Reaching the head of the stairs on his climb back, James sallied forth again: "Consider the wily bream," he disclaimed. "The black bass. One dons the scuba gear and goes diving. Off to a bit of spear thinking, mum, I can hear you say it now. Then there's the icethinking addicts, who venture to the polar icecaps of the mind, cut a hole and then dangle a bait through. But there's more that is down in that dark sea. Cartilaginous sinuous never-sleeping always moving prowling scavenging sharks of the mind. Tear away a limb when you're not..."

VII

The tireless compendium of mystery doesn't do much to further the cause of understanding though, especially in this case. Take as an example the last sentence ever written: "Unusual demands dictated thin, dark-haired hotels". One could always imagine in this sort of speculation a type of introspective reality pertaining to doubt: if that is possible. But in the final analysis, one can never portray anything more often than not. Great minds and current events, unfortunately not always contiguous with the principles of existence, often get in the way. Perhaps this might provide, if nothing else, an avenue through which doubt (often abused by those who desist from the delight in doing) might have a parenthetical statement to make, explaining the stigmas that we all have to suffer, at one time or another. Plans, hopes, desires and even one's best friends will often dissolve under such close scrutiny.

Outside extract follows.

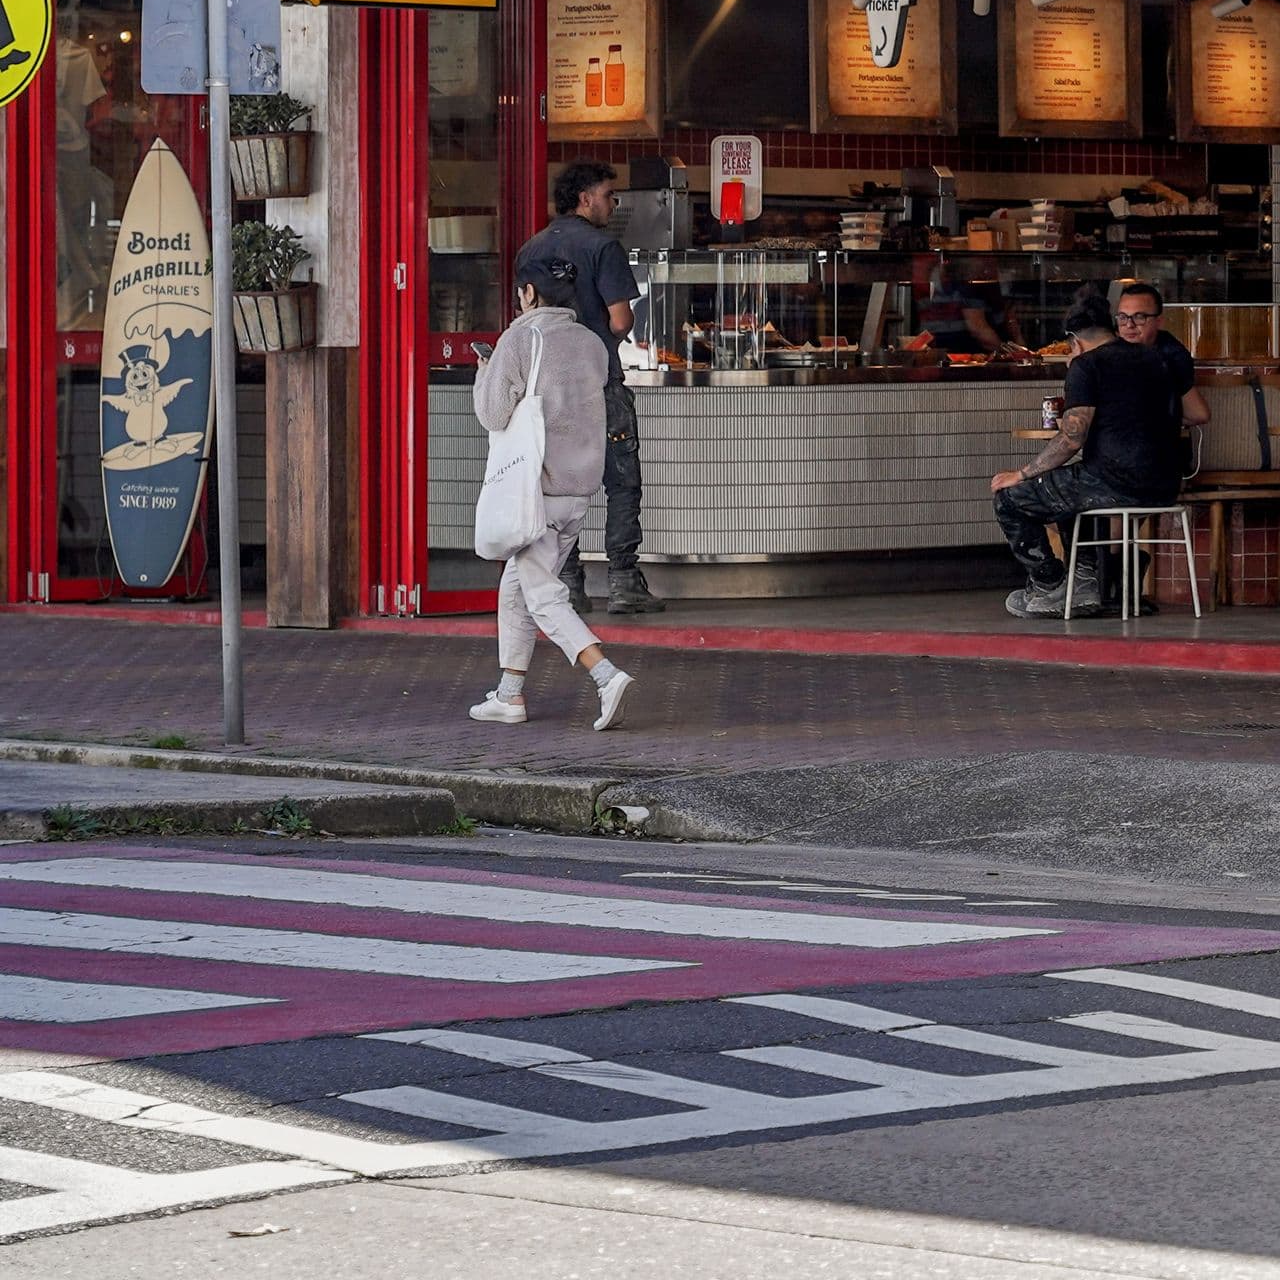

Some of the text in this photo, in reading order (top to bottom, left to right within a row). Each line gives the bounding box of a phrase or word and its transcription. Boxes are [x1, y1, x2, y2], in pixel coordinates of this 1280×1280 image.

Sensations, like the brief, intermittent and incessant flares of a superdense star revolving on its axis at many hundreds of revolutions per second, will plague the mind with a mass of inexplicable data until one realizes that space may also (like everything within reach) begin at the beginning, proving once again the theory that nothing else matters. And it is intolerable conditions like these that often give rise to decisions, the indivisible building blocks in the formation of the will. If it were not so, several of our most cherished concepts may have to go up in smoke and until this happens, no-one can avoid hesitating before the specter of the inevitable.